**Data for analysis**
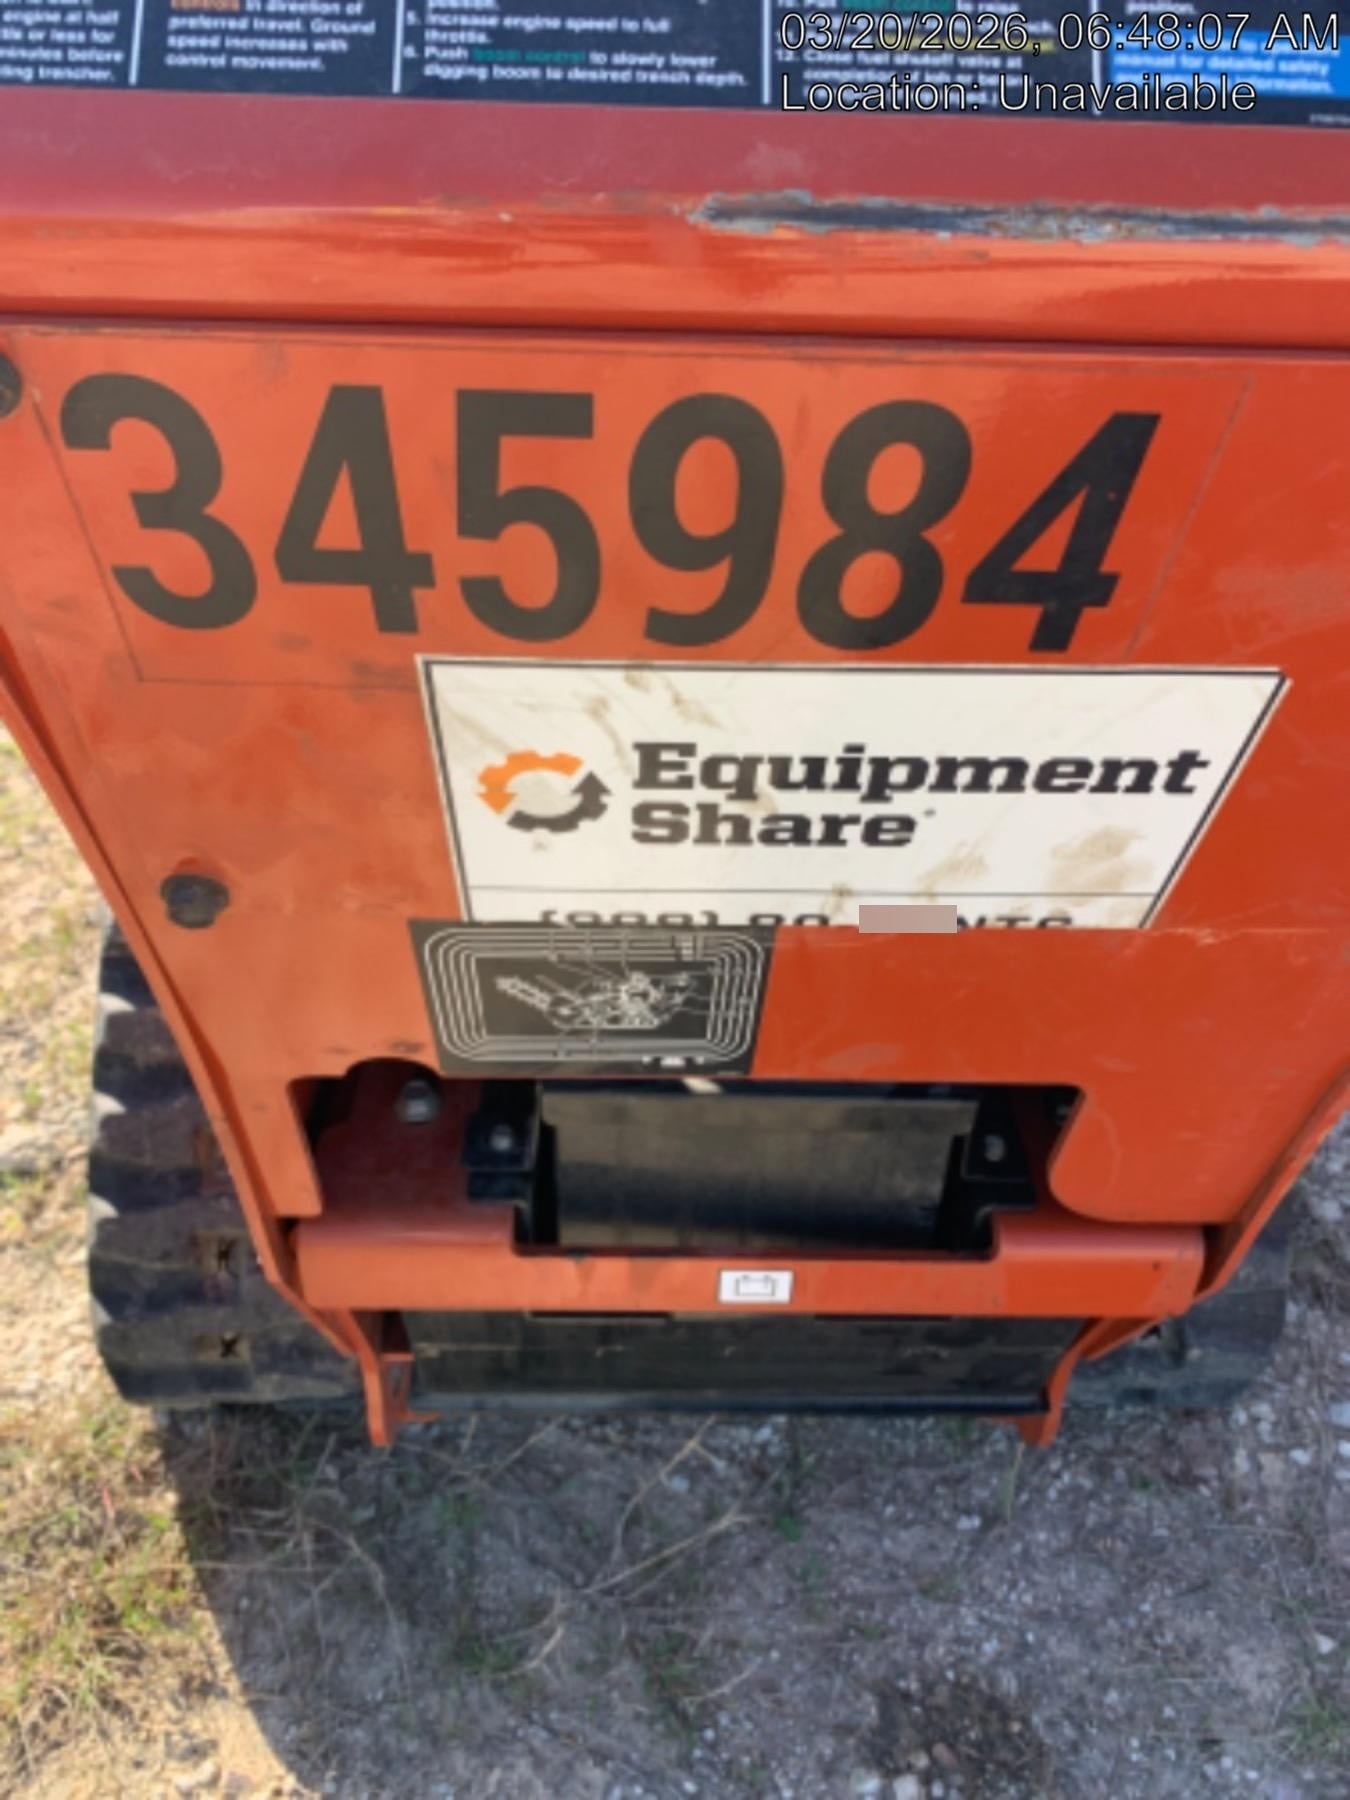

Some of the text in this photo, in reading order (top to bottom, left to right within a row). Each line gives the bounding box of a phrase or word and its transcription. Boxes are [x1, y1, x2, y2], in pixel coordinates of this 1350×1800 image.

[346, 0, 363, 15] of
[3, 10, 119, 26] engine at half
[168, 16, 377, 34] preferred travel. Ground
[426, 12, 499, 27] Increase
[503, 15, 561, 33] engine
[565, 16, 618, 33] speed
[621, 17, 640, 33] to
[643, 17, 671, 33] full
[28, 30, 45, 42] or
[50, 28, 86, 43] less
[91, 28, 115, 43] for
[167, 34, 348, 53] speed increases with
[67, 46, 123, 63] before
[165, 52, 326, 71] control movement.
[424, 45, 468, 60] Push
[589, 51, 608, 65] to
[611, 51, 665, 69] slowly
[670, 52, 718, 67] lower
[803, 50, 854, 64] Close
[39, 65, 115, 82] trencher.
[1114, 53, 1176, 68] manual
[1206, 55, 1275, 72] detailed
[1279, 58, 1330, 76] safety
[424, 63, 489, 82] digging
[492, 64, 542, 80] boom
[546, 66, 564, 80] to
[568, 66, 632, 82] desired
[695, 70, 750, 87] depth.
[60, 373, 1161, 651] 345984
[632, 741, 1209, 802] Equipment
[632, 801, 918, 847] Share
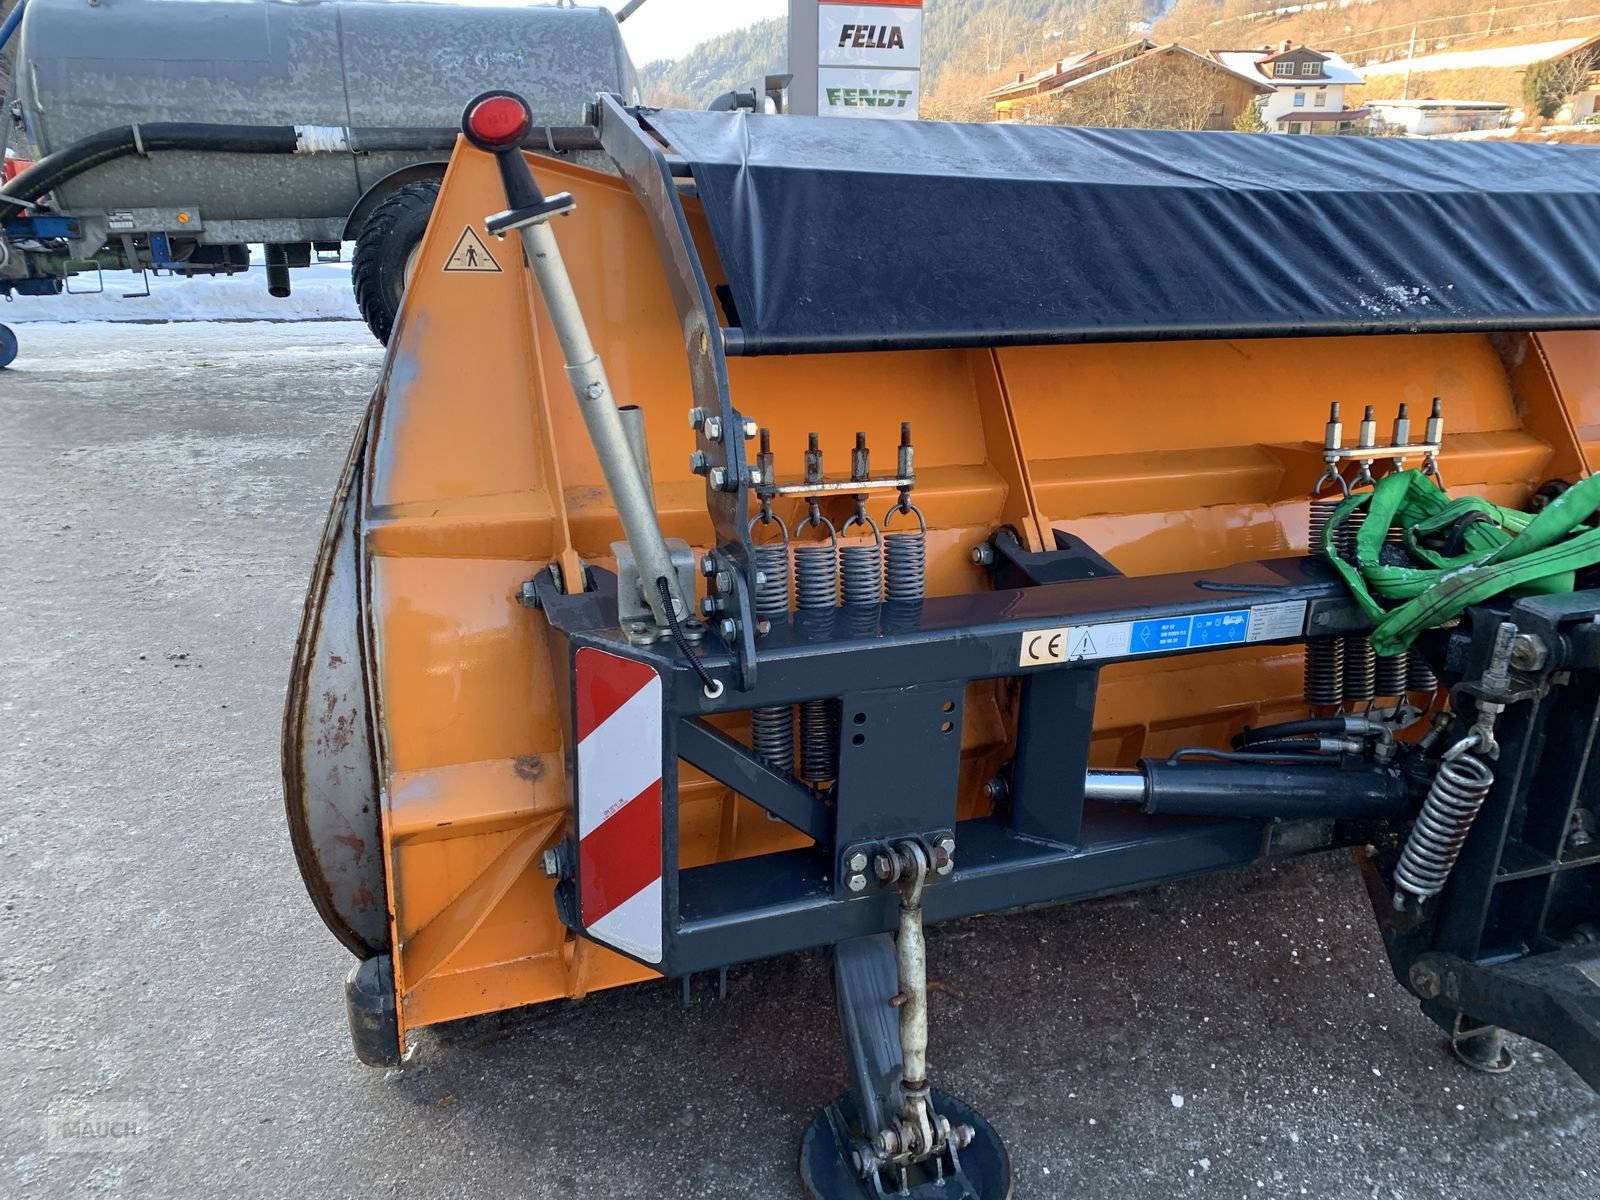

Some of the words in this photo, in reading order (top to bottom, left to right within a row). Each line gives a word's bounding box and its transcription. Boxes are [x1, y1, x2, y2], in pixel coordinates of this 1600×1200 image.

[838, 24, 904, 49] FELLA
[826, 88, 912, 108] FENDT
[1029, 633, 1061, 660] CE

**To do**
Copy every entry exactly; drop the pictures.

**Expected output**
Some of the text in this photo, in reading order (top to bottom, left to right within a row). Each line gives the bounding box of a phrase or word and its transcription. Boxes are [x1, y1, x2, y2], in pixel coordinates of this 1350×1800 image.

[346, 0, 363, 15] of
[3, 10, 119, 26] engine at half
[168, 16, 377, 34] preferred travel. Ground
[426, 12, 499, 27] Increase
[503, 15, 561, 33] engine
[565, 16, 618, 33] speed
[621, 17, 640, 33] to
[643, 17, 671, 33] full
[28, 30, 45, 42] or
[50, 28, 86, 43] less
[91, 28, 115, 43] for
[167, 34, 348, 53] speed increases with
[67, 46, 123, 63] before
[165, 52, 326, 71] control movement.
[424, 45, 468, 60] Push
[589, 51, 608, 65] to
[611, 51, 665, 69] slowly
[670, 52, 718, 67] lower
[803, 50, 854, 64] Close
[39, 65, 115, 82] trencher.
[1114, 53, 1176, 68] manual
[1206, 55, 1275, 72] detailed
[1279, 58, 1330, 76] safety
[424, 63, 489, 82] digging
[492, 64, 542, 80] boom
[546, 66, 564, 80] to
[568, 66, 632, 82] desired
[695, 70, 750, 87] depth.
[60, 373, 1161, 651] 345984
[632, 741, 1209, 802] Equipment
[632, 801, 918, 847] Share

Some of the words in this photo, in reading order (top to bottom, left to right within a row). Each line gives a word's bounding box and its transcription. Boxes are [x1, y1, x2, y2], in pixel coordinates of this 1600×1200 image.

[838, 24, 904, 49] FELLA
[826, 88, 912, 108] FENDT
[1029, 633, 1061, 660] CE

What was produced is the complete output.